The granularity of ignition timing adjustments may be finer on stand-alone ECUs depending on the OE ECU you start with. A 32-bit map is better than a 16-bit map, which is better than an 8-bit map. However, 8-bit maps are often acceptable for many applications. There is little reason to have an ignition map beyond 16-bit, and most ECU (aftermarket or OE) use 16-bit ignition maps.

Injection

Depending on the OE ECU you're running, you may be limited to banked injection, where two or more injectors are controlled by one driver. This can be quite fine on engines that have multiple cylinders in the intake phase at the same time, such as some 8+ cylinder engines. Whereas engines with fewer than 8 cylinders can often benefit from individual injection control (known as sequential injection).

Sequential injection allows you to make per-cylinder injection time corrections to account for intake manifold design or inner-cylinder dynamics.

The granularity of fueling adjustments may be finer on stand-alone ECUs depending on the OE ECU you start with. A 32-bit map is better than a 16-bit map, which is better than an 8-bit map. However, 8-bit maps are often acceptable for many applications. There is little reason to have an injection map beyond 16-bit, and most ECU (aftermarket or OE) use 16-bit fuel injection maps.

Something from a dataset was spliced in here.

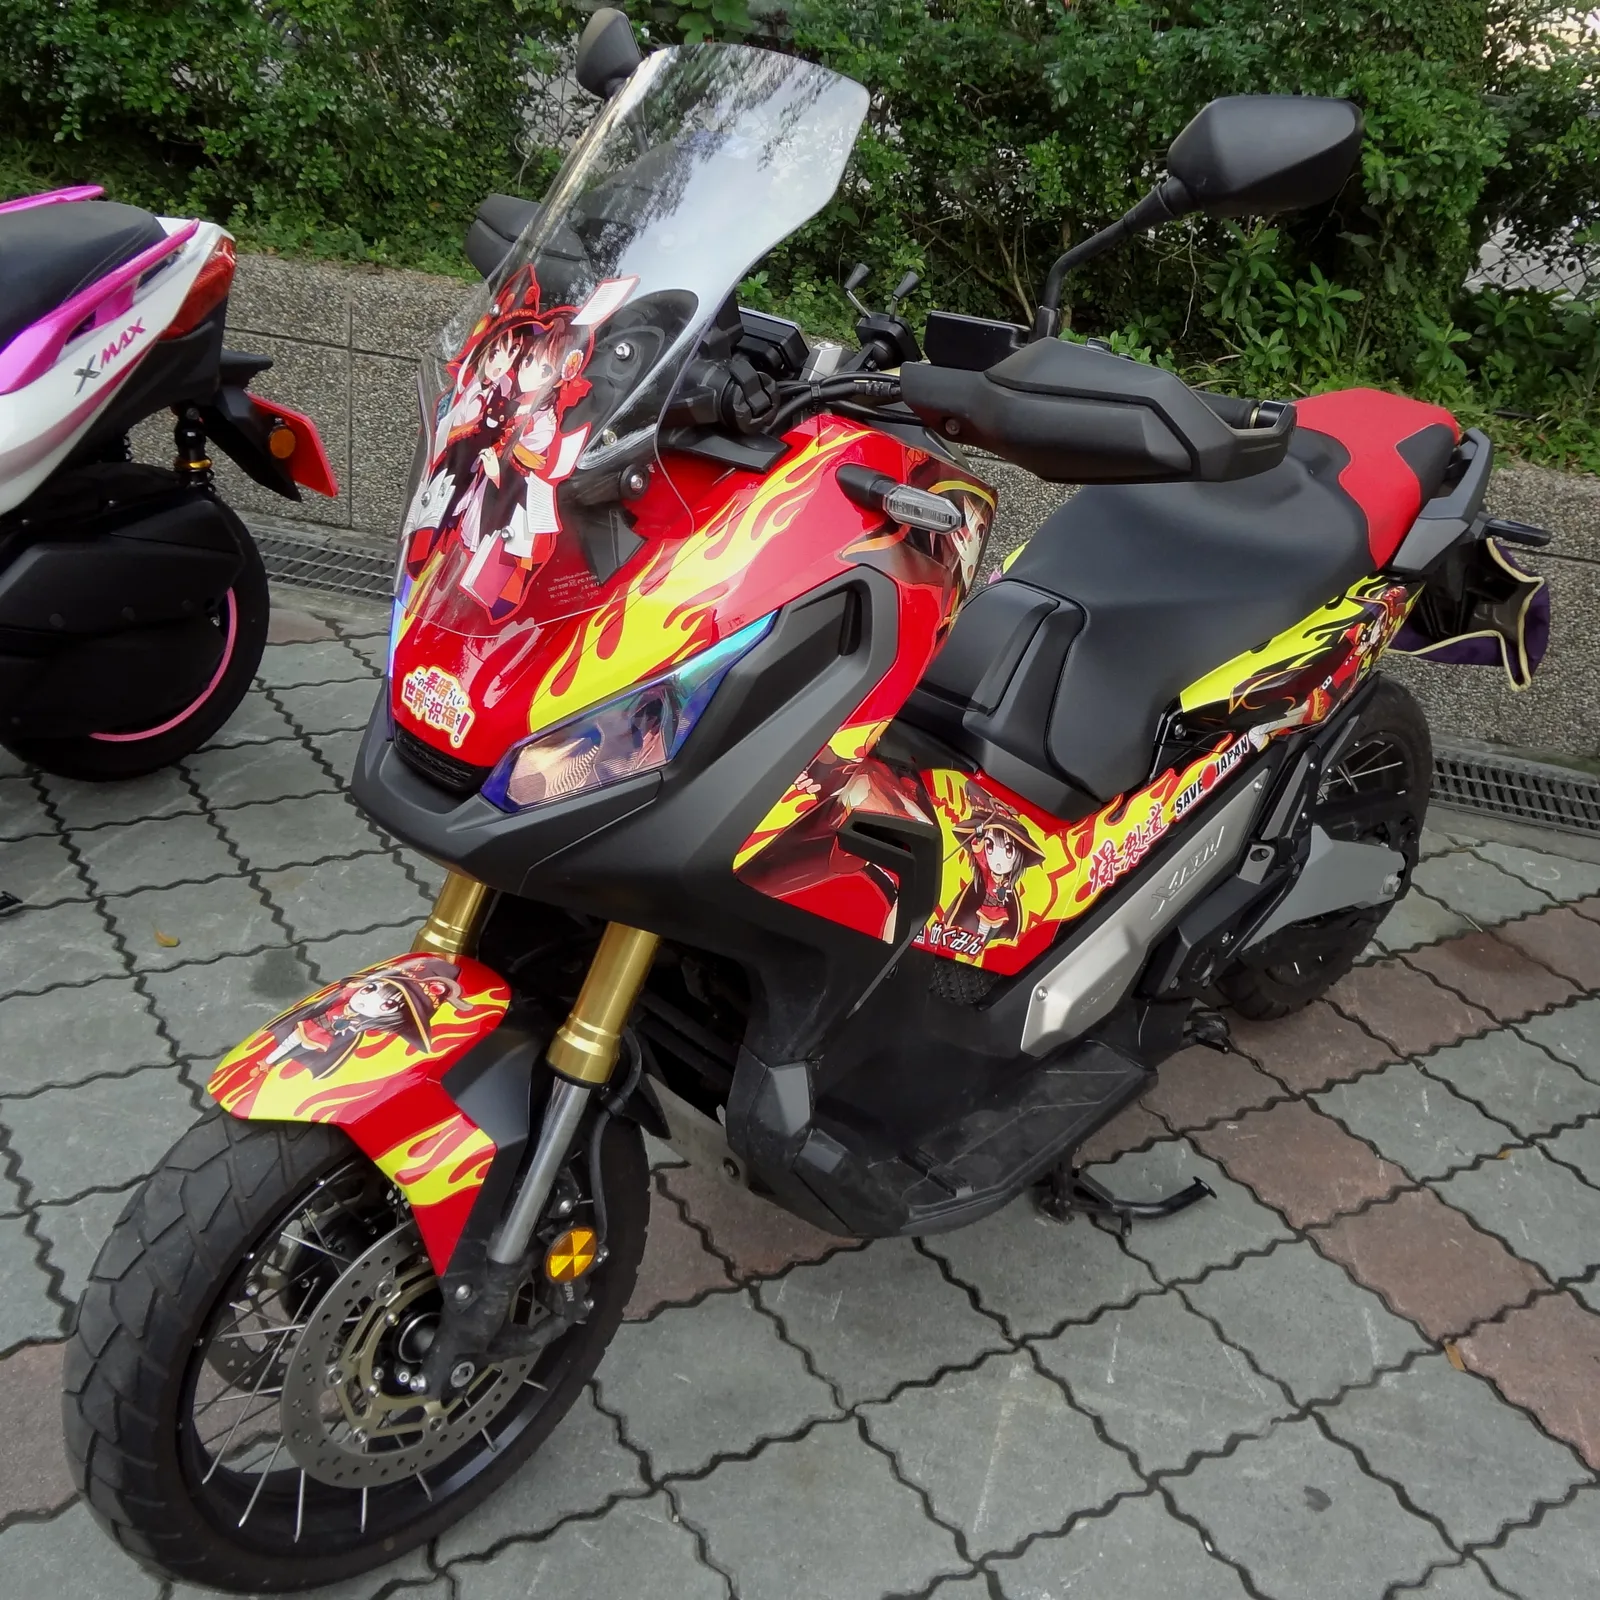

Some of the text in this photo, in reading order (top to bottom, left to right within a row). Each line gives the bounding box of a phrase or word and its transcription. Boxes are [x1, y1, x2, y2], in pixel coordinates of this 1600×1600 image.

ECU injection maps are simply modifiers to the base air/fuel conversion factor. These maps correct for engine dynamics and volumetric efficiency. Therefore 8- or 16-bit ECUs are perfectly capable of handling most of these maps with ease.

I/O

I/O, or Input/Output, relates to the sensor inputs and programmable outputs of a system.

Input granularity is an interesting thing to consider. ECUs such as ECUMaster, MegaSquirt, and VEMS use only 10-bit inputs, meaning every sensor will read from 0-4095, whereas many OBD-2 ECUs will have 10-, 12-, and even 16-bit inputs, offering vastly superior sensor accuracy. Older 8-bit ECUs will almost always use 8-bit inputs, although many 8-bit Bosch ECUs use I/O extenders and 10- or 12-bit ADCs to increase granularity of inputs, as well as exponential maths to increase the granularity of calculated values beyond the base 8-bit values used in the rest of the ECU.